What about prints? He authorized six of the “black” paintings to be photographically
reproduced and printed as serigraphs in editions of twenty-five. The printing was
done by his brother Sande at his shop in Essex, Connecticut. Pollock visited one day
to see how the work was progressing and told his brother, “All I want is five hundred
dollars.”

By the time his show closed, on December 15, Pollock was drinking heavily again. Lee
had once believed that she could nurse and nurture him into abstinence but was beginning
to acknowledge that his pattern of behavior could not be broken: the surge of creative
activity, the surrender to alcohol. The cure, if it existed, was not within her, and
she sought outside help. Earlier that year she had taken Pollock to see Ruth Fox,
a therapist on Lexington Avenue who specialized in alcoholism. The therapist put Pollock
on a drug called Antabuse, which, when combined with alcohol, induces wretched nausea.
Pollock took the drug but also kept drinking.

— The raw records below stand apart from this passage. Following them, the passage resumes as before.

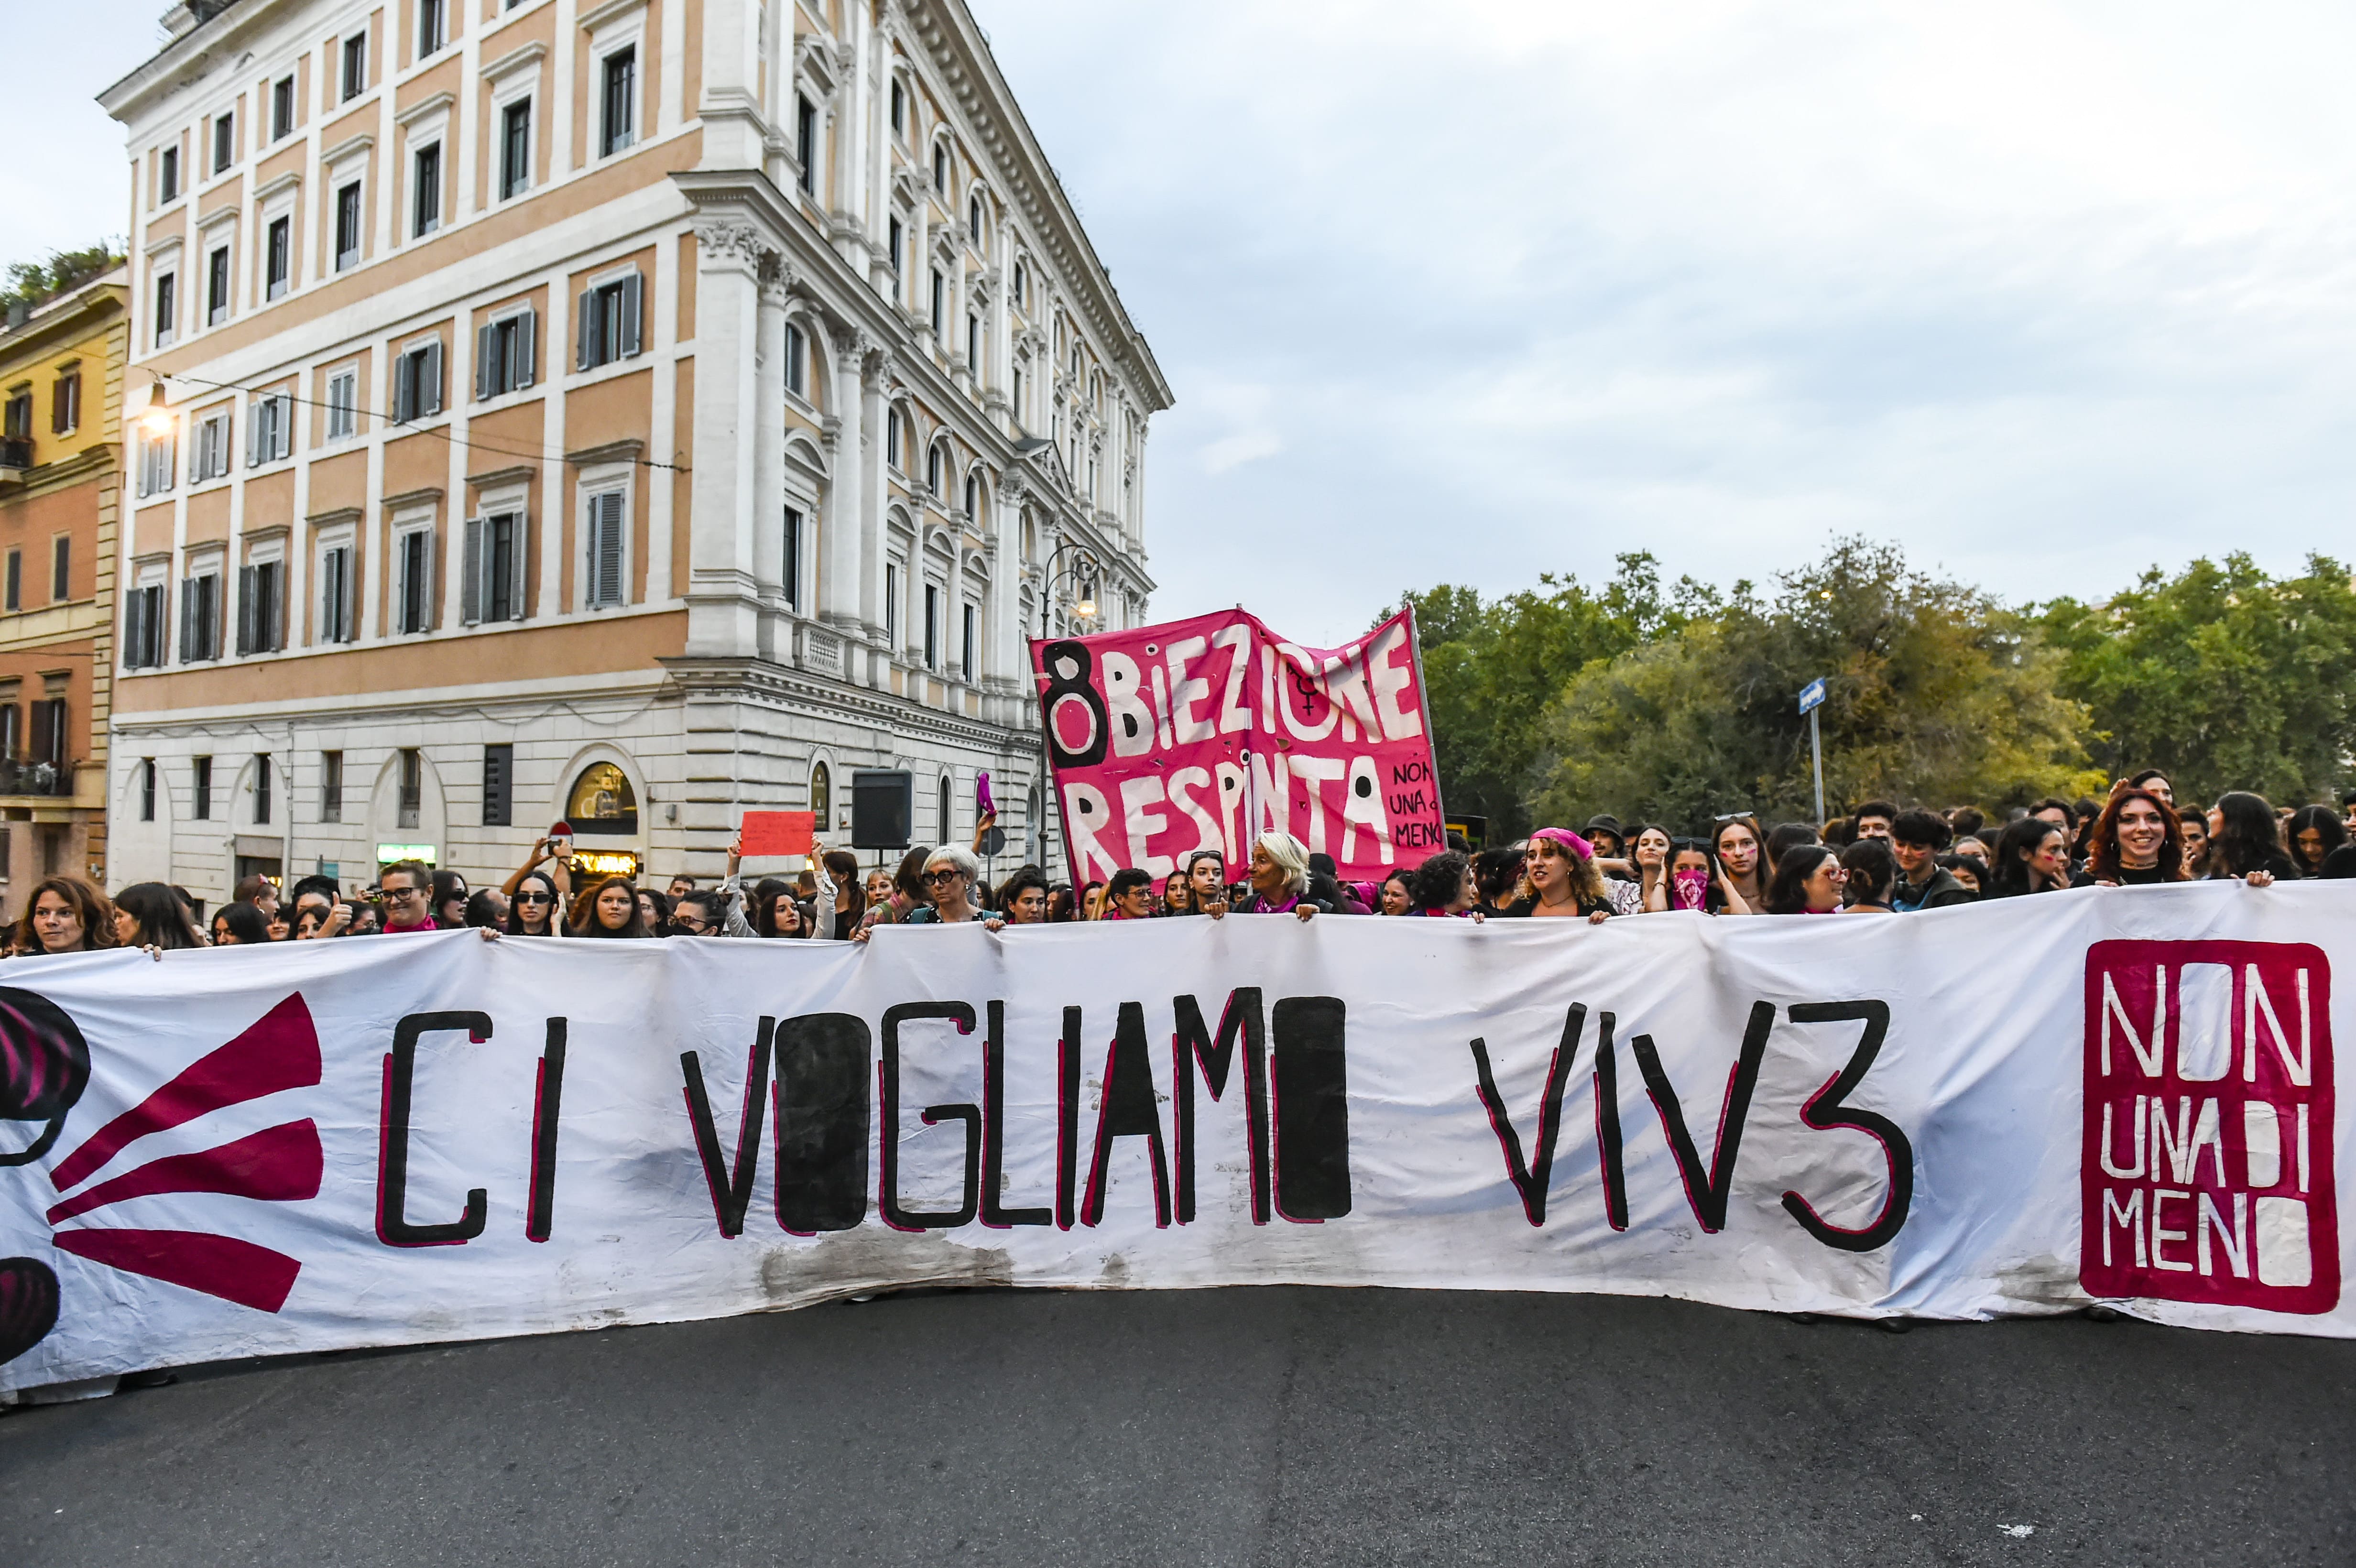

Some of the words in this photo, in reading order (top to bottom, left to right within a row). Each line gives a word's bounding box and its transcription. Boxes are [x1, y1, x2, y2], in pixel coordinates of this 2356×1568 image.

[1389, 789, 1427, 815] UNA
[1393, 761, 1433, 785] NON
[1395, 822, 1442, 847] MENO
[2101, 962, 2312, 1086] NON
[375, 1011, 567, 1246] CI
[680, 987, 1353, 1240] VOGLIAMO
[2100, 1094, 2227, 1188] UNA
[2244, 1100, 2310, 1193] DI
[2103, 1188, 2313, 1287] MENO
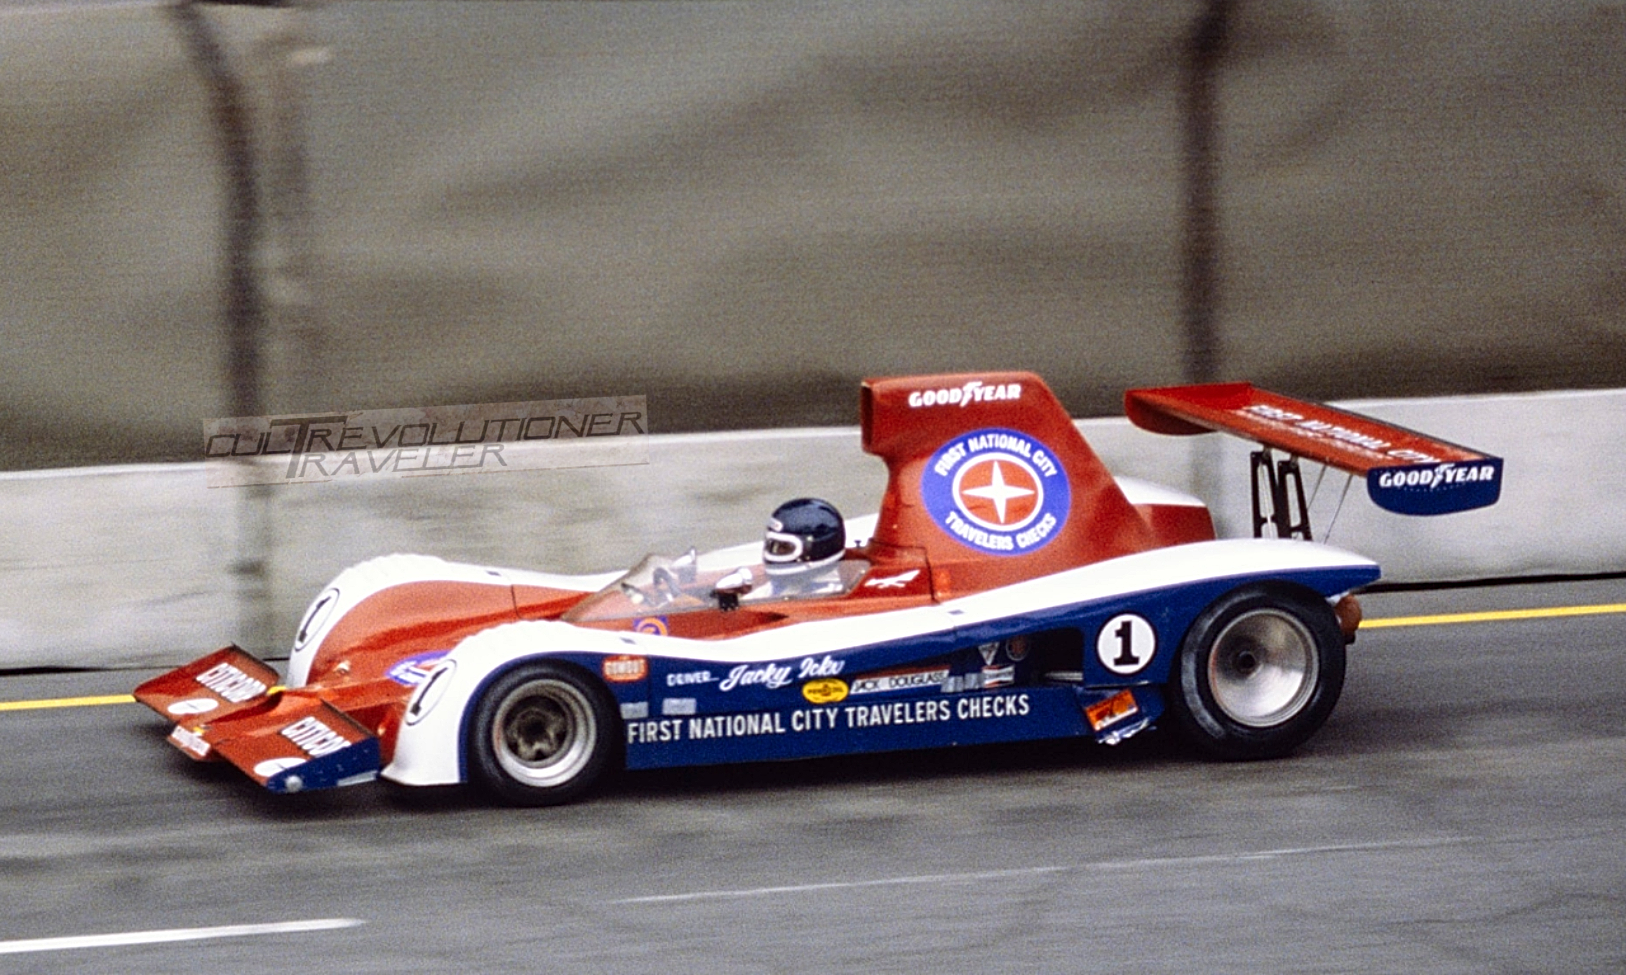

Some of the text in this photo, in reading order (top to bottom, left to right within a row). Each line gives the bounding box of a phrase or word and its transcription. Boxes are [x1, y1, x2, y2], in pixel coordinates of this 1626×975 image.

[908, 381, 1022, 407] GOODYEAR
[934, 433, 1058, 478] FIRST NATIONAL CITY
[1378, 463, 1495, 489] GOODYEAR
[945, 511, 1057, 550] TRAVELERS CHECKS
[1113, 620, 1140, 667] 1
[719, 663, 794, 691] Jacky
[628, 694, 1030, 744] FIRST NATIONAL CITY TRAVELERS CHECKS
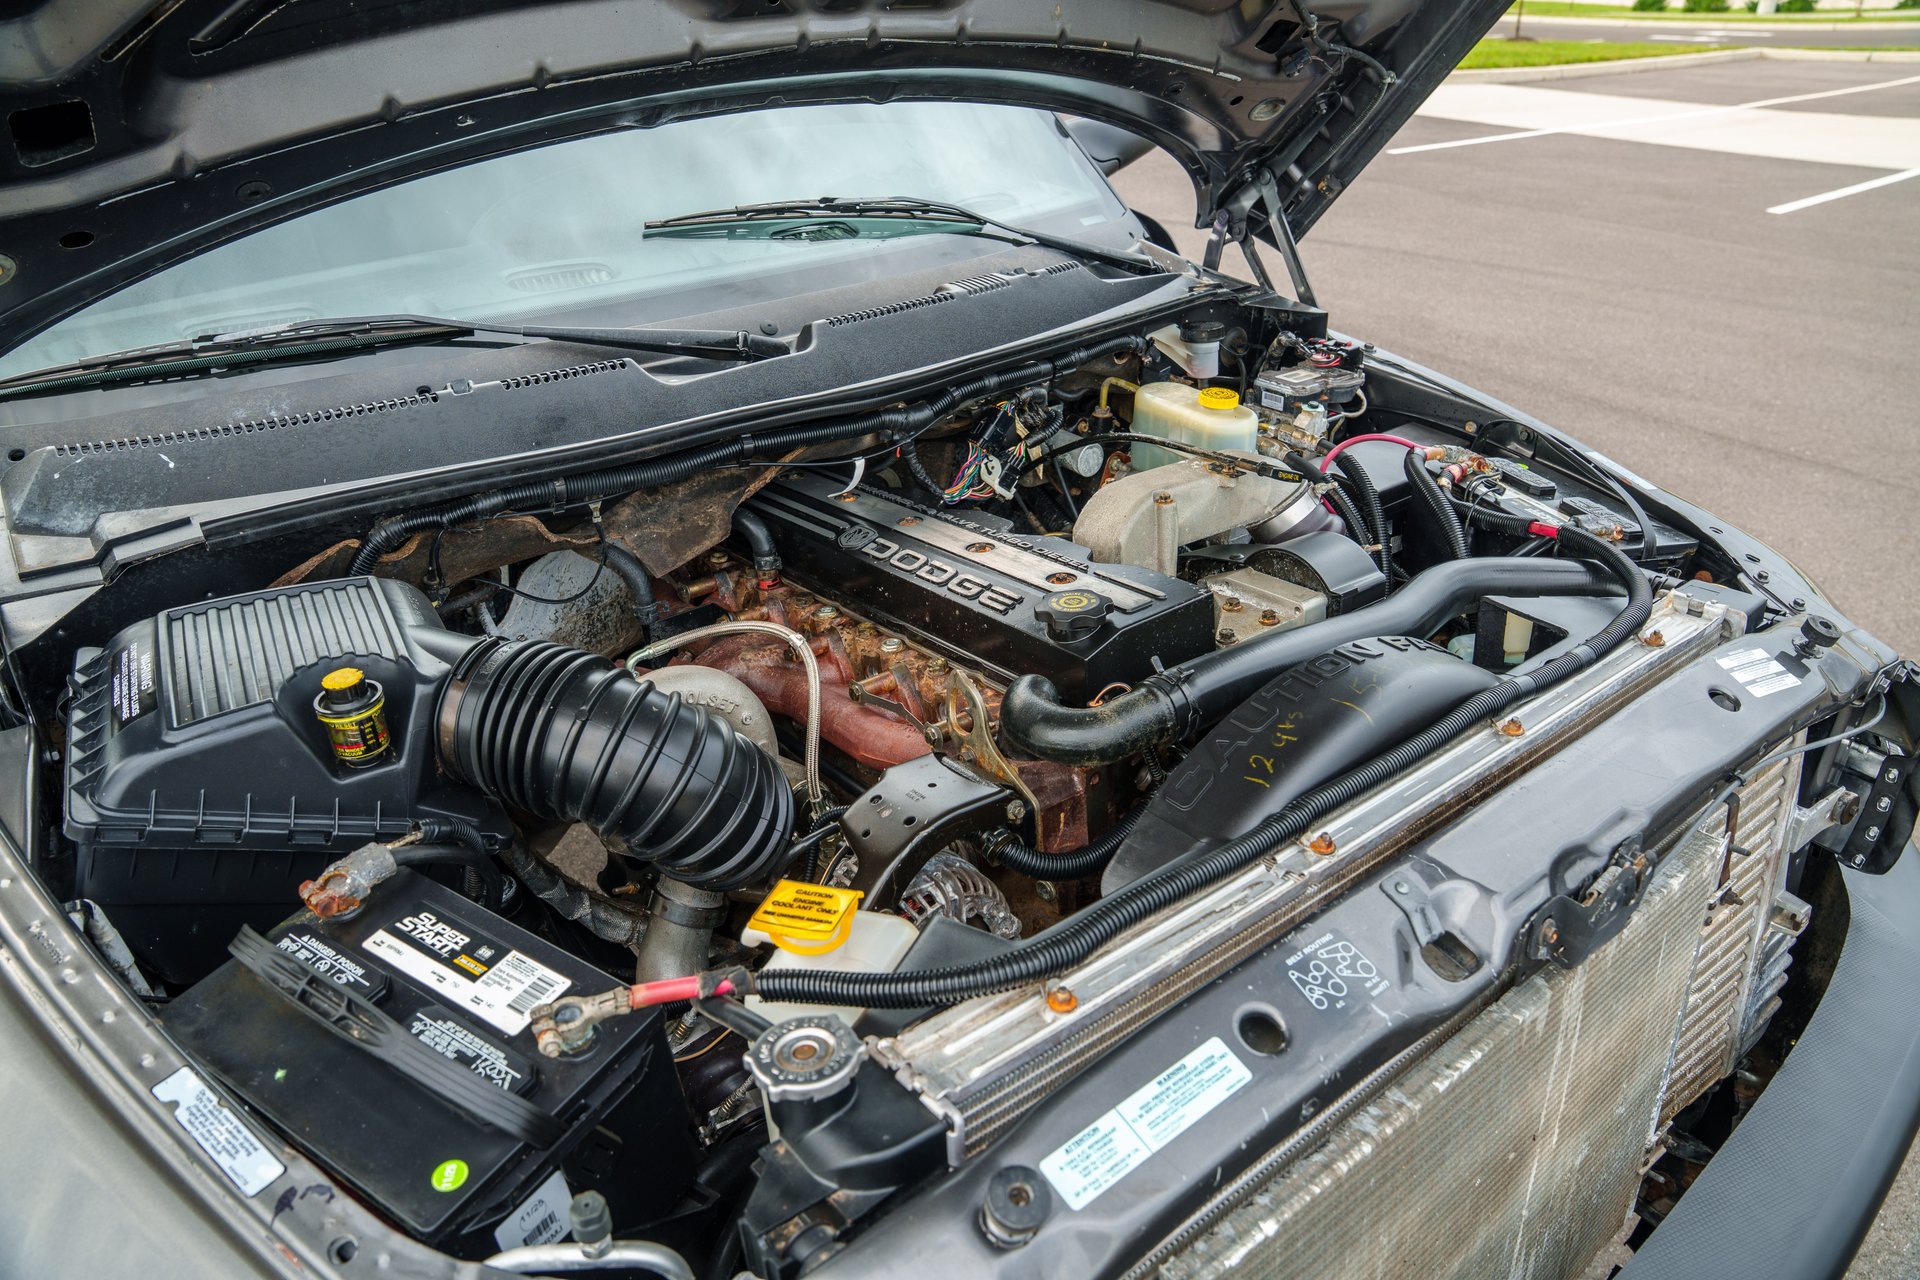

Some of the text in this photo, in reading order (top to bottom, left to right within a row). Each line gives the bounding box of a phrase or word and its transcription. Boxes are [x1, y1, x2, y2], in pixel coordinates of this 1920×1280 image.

[937, 511, 981, 529] VALVE
[981, 527, 1033, 549] TURBO
[1032, 547, 1089, 571] DIESEL
[862, 537, 1024, 616] DODGE
[140, 651, 152, 690] WARNING
[1165, 643, 1384, 811] CAUTION
[1243, 754, 1274, 788] 12
[771, 900, 839, 915] COOLANT ONLY
[792, 897, 825, 906] ENGINE
[795, 888, 834, 899] CAUTION
[394, 916, 462, 953] START
[416, 911, 471, 947] SUPER
[1285, 932, 1334, 966] BELT ROUTING
[1156, 1062, 1188, 1087] WARNING
[1062, 1125, 1100, 1155] ATTENTION
[520, 1198, 545, 1224] 11/25

By the end of 1951 Lee was willing to consider any treatment, no matter how far-fetched.
She listened hopefully as Dr. Elizabeth Hubbard, the homeopathic physician whom Pollock
had been seeing sporadically for more than a decade, told her about a chemist by the
name of Grant Mark, on East Sixty-fifth Street. He had recently invented a formula
for “total well-being” called Grant Mark’s Emulsion, which was made out of various
organic substances including guano—bird droppings. Pollock was willing to try it.
For the next three months Lee poured her husband a cold glass of emulsion at breakfast
and dinner, making sure that he consumed the prescribed amount of one quart per day.
Once a week Pollock drove to the chemist’s office to pick up another seven quarts.
The bills ran into the hundreds of dollars. On one of his trips to the doctor Pollock
stopped off for a drink before returning to Springs and arrived home drunk. Lee met
him at the front door. “Where’s the emulsion?” she asked. Pollock realized
he had left the seven bottles in New York but couldn’t remember exactly where. He
and Lee tried to figure out where they might be, for the substance was too expensive
to forget about. But they never found the missing bottles. Of his experience with
Grant Mark, Pollock wrote to Ossorio the following March, “I feel I have been skinned
alive.”

Pollock and Lee had returned to Springs a few days after his show came down; Lee reasoned
that if she got him out of the city, perhaps he would not drink. But being in Springs
turned out to be no better than being in New York. Night after night, holed up in
the farmhouse, Lee watched her husband get drunk. When he ran out of beer, he got
into his battered Cadillac and drove to Dan Miller’s to buy another six-pack, and
for Lee, watching him get into the car was even worse than watching him drink. She
was afraid that he would have an accident. She started buying the beer herself, stacking
it by the case in the kitchen.

Pollock was having terrible nightmares. One night he dreamed that he was standing
on a high structure and his brothers were trying to push him off. Another night he
dreamed that he was looking at a vacuum cleaner when suddenly it became one of Peggy
Guggenheim’s Lhasa terriers. The dog attacked him and made a hole in his stomach.
A third dream involved a car crash. “Two cars,” he wrote, “—the one I am driving rams
into the first car which my wife has left and run away from. Between the two wrecked
cars is a dead boy.”

Three days after Christmas, at ten o’clock at night, the East Hampton police station
was notified by telephone of an automobile accident in Springs. A patrolman was sent
to the scene. “Weather clear,” the police report begins. “Jackson Pollock . . . driving
a 1941 Cadillac Conv . . . went off North side of road, hitting three mailboxes (in
triangle of intersection) of Louse Point Road . . . hitting telephone pole #30 with
right front wheel, continuing on for 55 feet in a SW direction, hitting a tree head
on.”

The East Hampton Star
ran the story on page one. “Jackson Pollock, Artist, Wrecks Car, Escapes Injury.”